### [Problem description]
Repeat every record exactly, but keep images out of the copy.

### [Records shown]
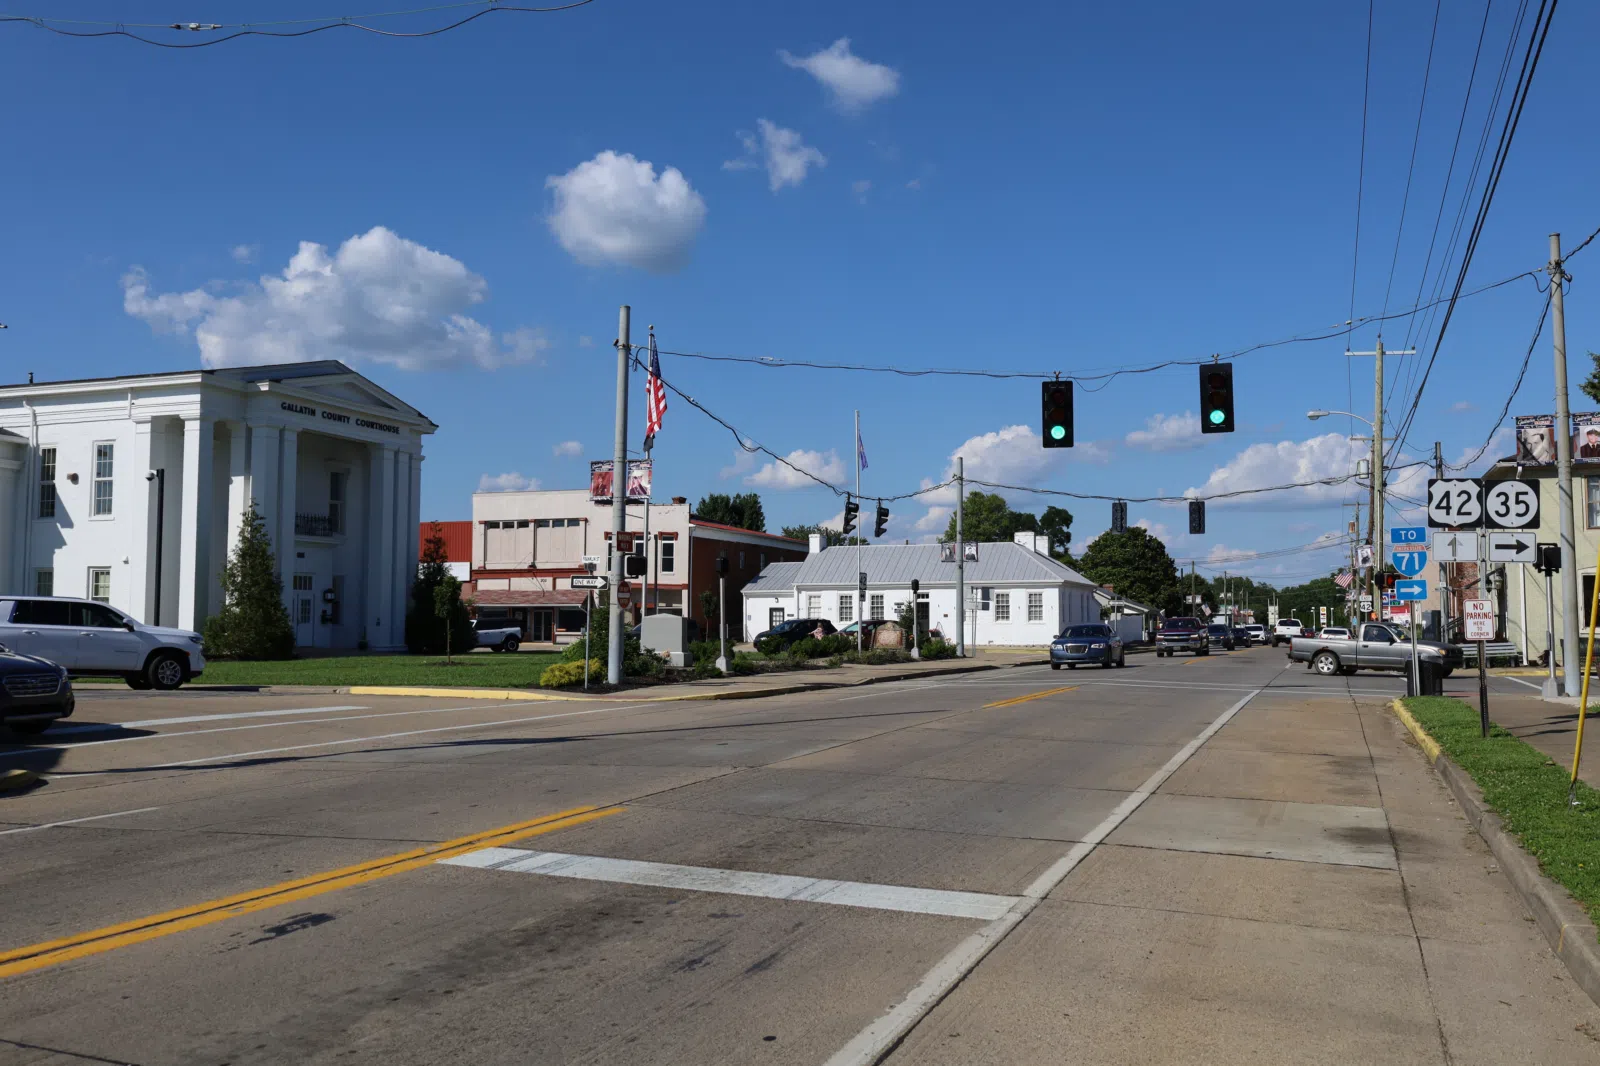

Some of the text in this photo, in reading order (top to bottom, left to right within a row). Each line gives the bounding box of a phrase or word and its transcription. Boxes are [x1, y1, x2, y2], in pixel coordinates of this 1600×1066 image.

[281, 402, 400, 434] GALLATIN COUNTY COURTHOUSE
[1434, 489, 1473, 516] 42
[1494, 491, 1530, 518] 35
[1399, 530, 1417, 540] TO
[1396, 552, 1420, 571] 71
[1360, 603, 1372, 611] 42
[1472, 602, 1485, 611] NO
[1466, 611, 1492, 620] PARKING
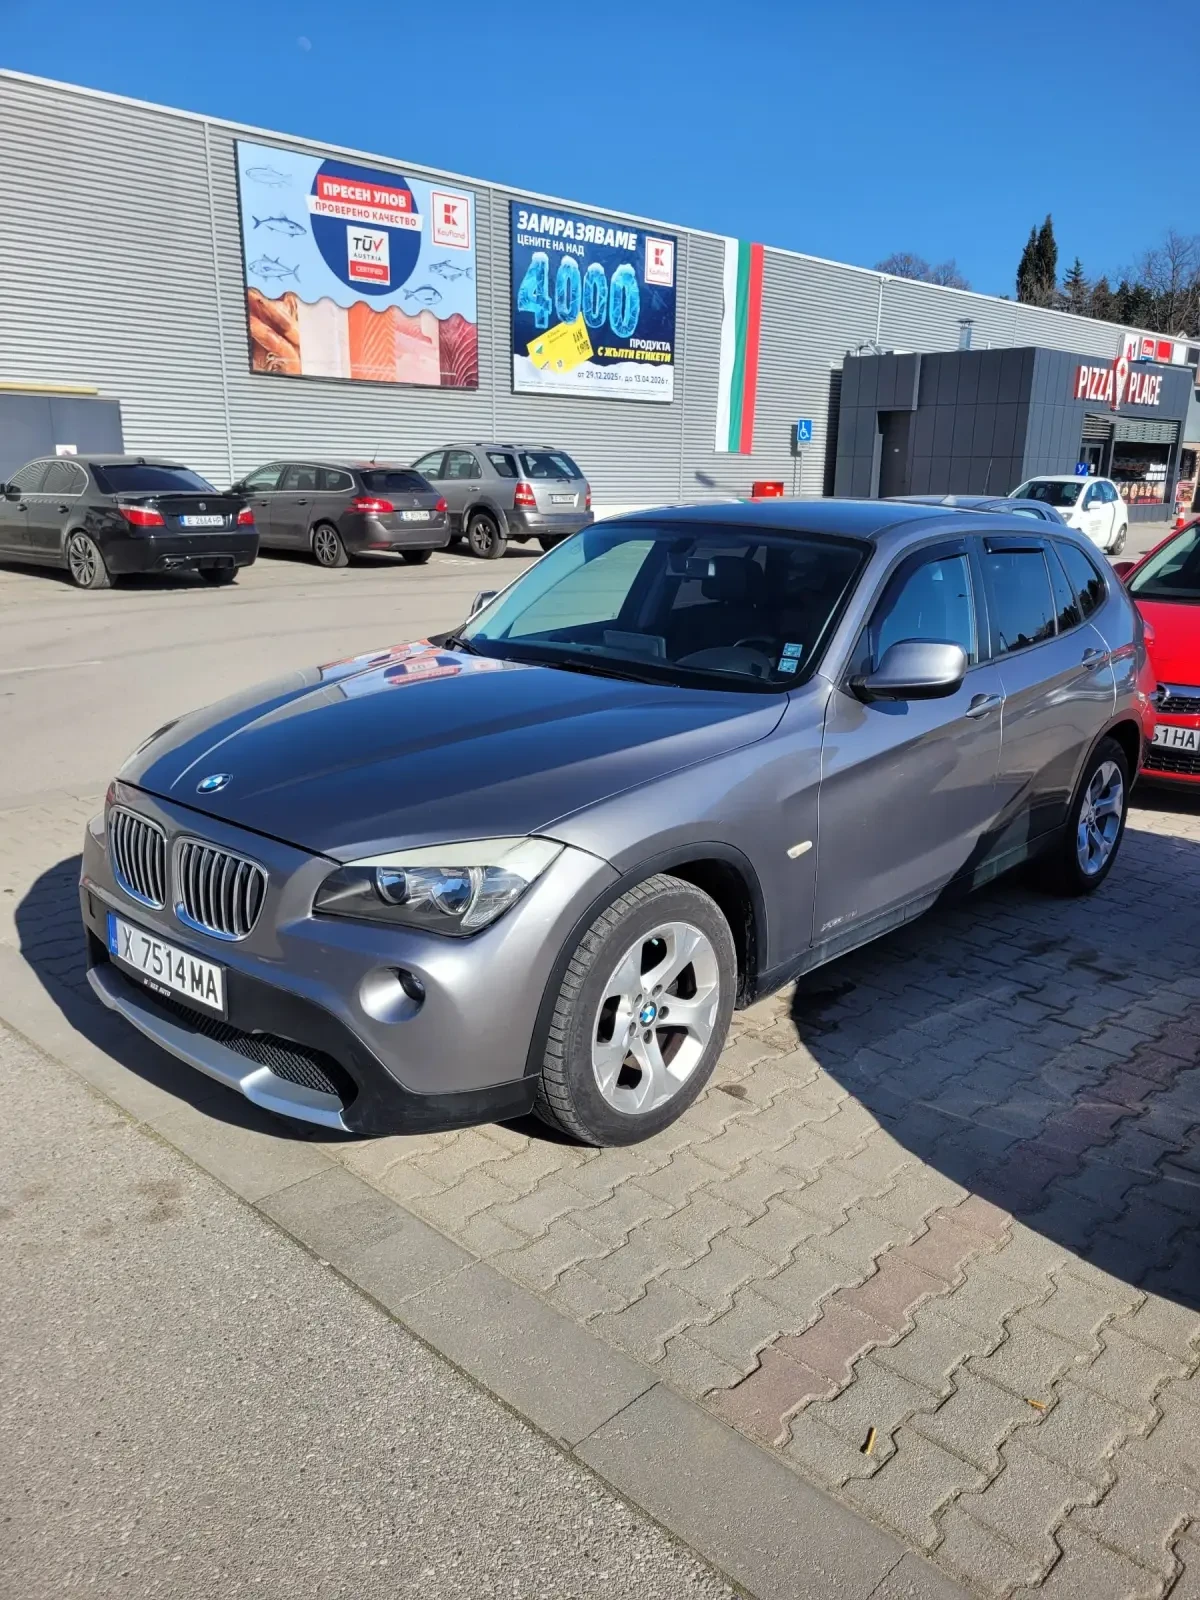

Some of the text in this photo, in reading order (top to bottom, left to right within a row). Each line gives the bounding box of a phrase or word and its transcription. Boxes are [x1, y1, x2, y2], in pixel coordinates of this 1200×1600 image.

[323, 182, 407, 208] ПРЕСЕН УЛОВ
[315, 201, 417, 227] ПРОВЕРЕНО КАЧЕСТВО
[437, 228, 466, 240] Kaufland
[516, 210, 638, 251] ЗАМРАЗЯВАМЕ
[353, 252, 382, 262] AUSTRIA
[517, 233, 585, 257] ЦЕНИТЕ НА НАД
[517, 251, 641, 338] 4000
[597, 346, 604, 356] С
[604, 347, 635, 359] ЖЪЛТИ
[635, 350, 671, 362] ЕТИКЕТИ
[629, 338, 671, 352] ПРОДУКТА
[1077, 365, 1163, 405] PIZZA PLACE
[122, 925, 135, 962] X

### [Problem solution]
Some of the text in this photo, in reading order (top to bottom, left to right within a row). Each line gives the bounding box of a phrase or word and its transcription. Boxes are [x1, y1, x2, y2], in pixel coordinates of this 1600×1066 image.

[281, 402, 400, 434] GALLATIN COUNTY COURTHOUSE
[1434, 489, 1473, 516] 42
[1494, 491, 1530, 518] 35
[1399, 530, 1417, 540] TO
[1396, 552, 1420, 571] 71
[1360, 603, 1372, 611] 42
[1472, 602, 1485, 611] NO
[1466, 611, 1492, 620] PARKING

Some of the text in this photo, in reading order (top to bottom, left to right within a row). Each line gives the bounding box of a phrase or word and its transcription. Boxes are [x1, y1, x2, y2], in pixel coordinates of this 1200×1600 image.

[323, 182, 407, 208] ПРЕСЕН УЛОВ
[315, 201, 417, 227] ПРОВЕРЕНО КАЧЕСТВО
[437, 228, 466, 240] Kaufland
[516, 210, 638, 251] ЗАМРАЗЯВАМЕ
[353, 252, 382, 262] AUSTRIA
[517, 233, 585, 257] ЦЕНИТЕ НА НАД
[517, 251, 641, 338] 4000
[597, 346, 604, 356] С
[604, 347, 635, 359] ЖЪЛТИ
[635, 350, 671, 362] ЕТИКЕТИ
[629, 338, 671, 352] ПРОДУКТА
[1077, 365, 1163, 405] PIZZA PLACE
[122, 925, 135, 962] X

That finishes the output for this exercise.